In Exodus 31:15 it says: 'whoever does any work on the sabbath day shall be put to death'. This is one of many passages in the Old Testament laying down the death penalty, but while reading it the other day the thought struck me almost as if it were new. So many people say they believe every bit of the Bible is the infallible word of God, 'the Maker's instructions' and so on. But who takes passages like this seriously?

Of course, Christians don't observe the Sabbath anyway, which is strange when you consider it is in the Ten Commandments, which most Christians talk of as the 'core' set of God's laws. We observe the first day of the week as 'the Lord's Day', but many Christians call it the Sabbath and have all sorts of rules about it.
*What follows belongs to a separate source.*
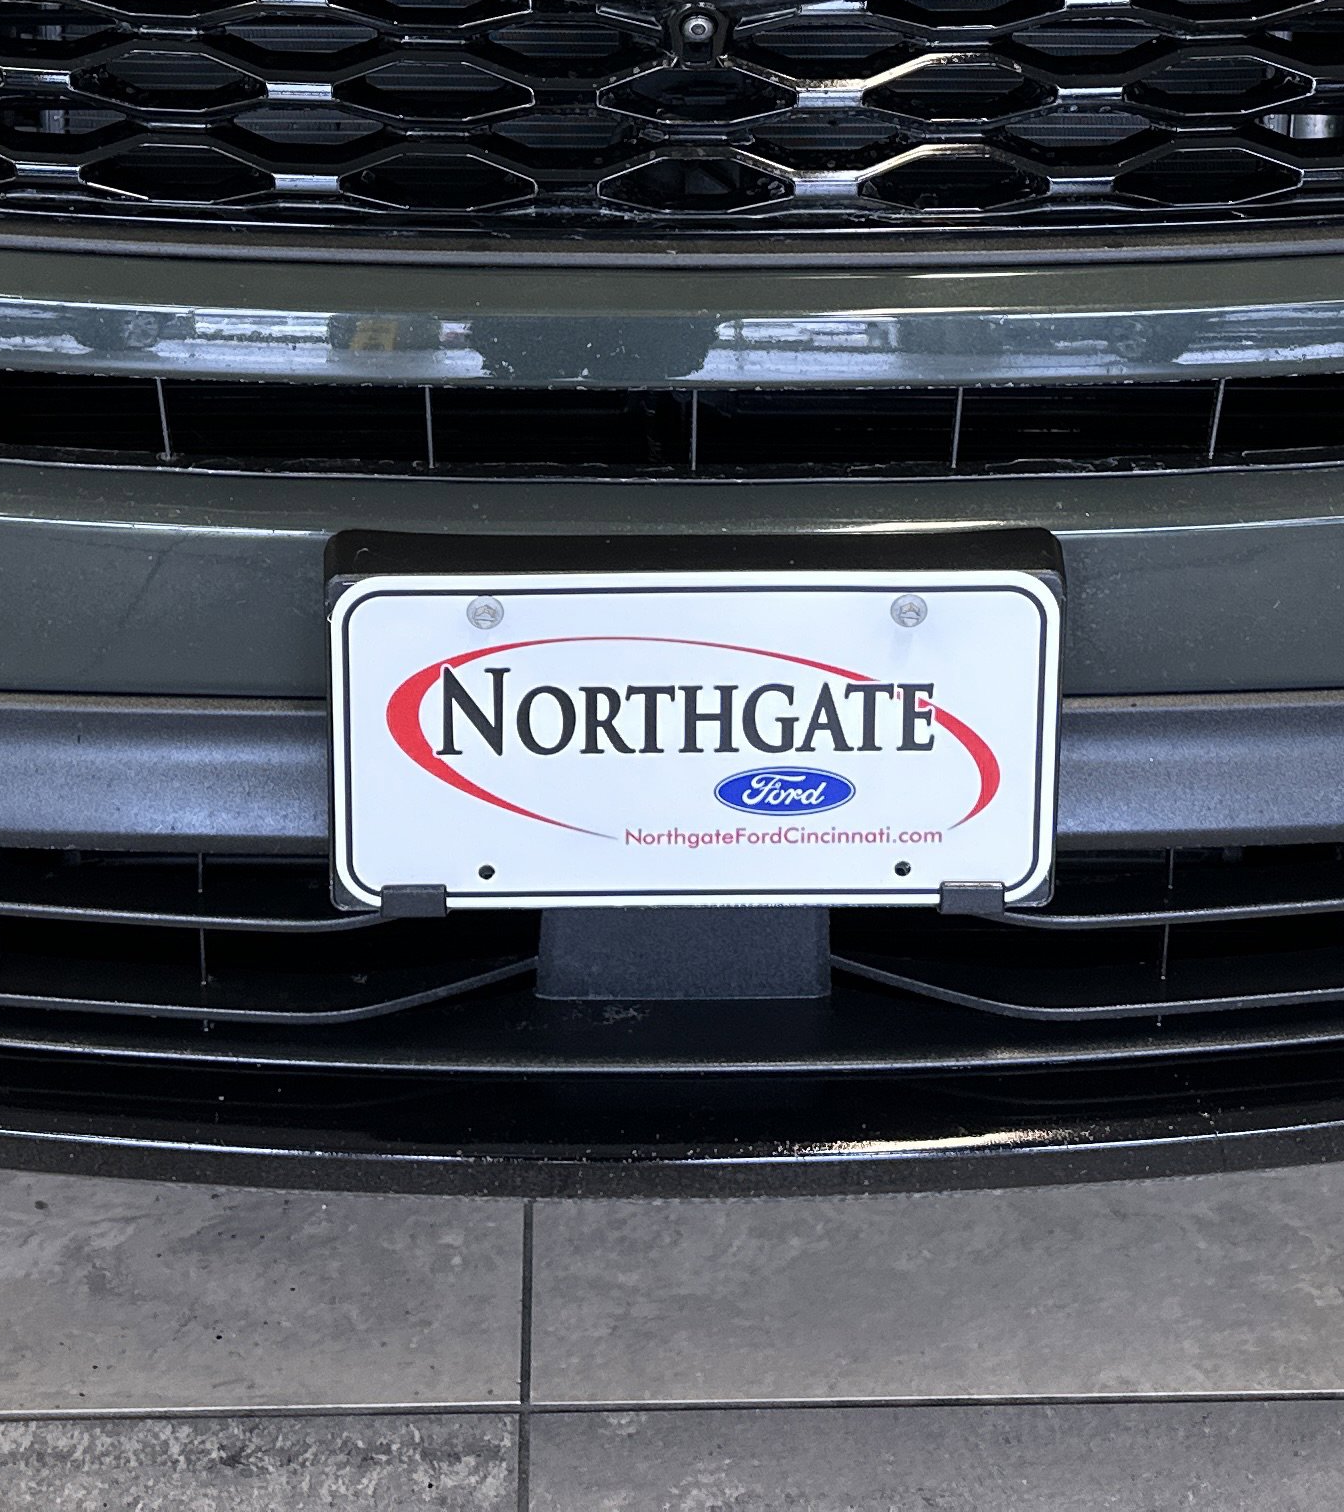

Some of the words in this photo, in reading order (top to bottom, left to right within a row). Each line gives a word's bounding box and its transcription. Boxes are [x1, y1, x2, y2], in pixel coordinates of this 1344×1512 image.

[437, 667, 935, 756] NORTHGATE
[742, 775, 827, 806] Ford
[625, 826, 943, 848] NorthgateFordCincinnati.com
But have you heard of anyone recently, whether Jewish or Christian, advocating the death penalty for breaking the Sabbath?

They accuse us 'liberals' of picking and choosing rather than accepting the whole Bible as the Word of God. But doesn't everybody?

1 comment:

  1. The big division among Christians today is on whether they accept the Bible as the Word of God, or whether they accept the Bible's own witness that Jesus is the Word of God. Those who opt for the Bible (not all of it, as Ray points out, or if they do they are dishonest)prefer the 10 commandments. Preferably without knowing them. They just get the idea from them (their favourite idea) that God is against sin and disapproves of everybody (except them) Those who accept Jesus notice that when he was asked which was the greatest commandment, he ignored the ten, and chose two with love in them - Love God, Love you Neighbour. Significantly, those who opt for the Bible as the Word and the Ten Commandments are often in favour of capital punishment, whereas one of the ten commanments tells them not to kill. There is no rhyme or reason about these people, and only love when heart overrides their loopy theology. Fortunately that does sometimes happen.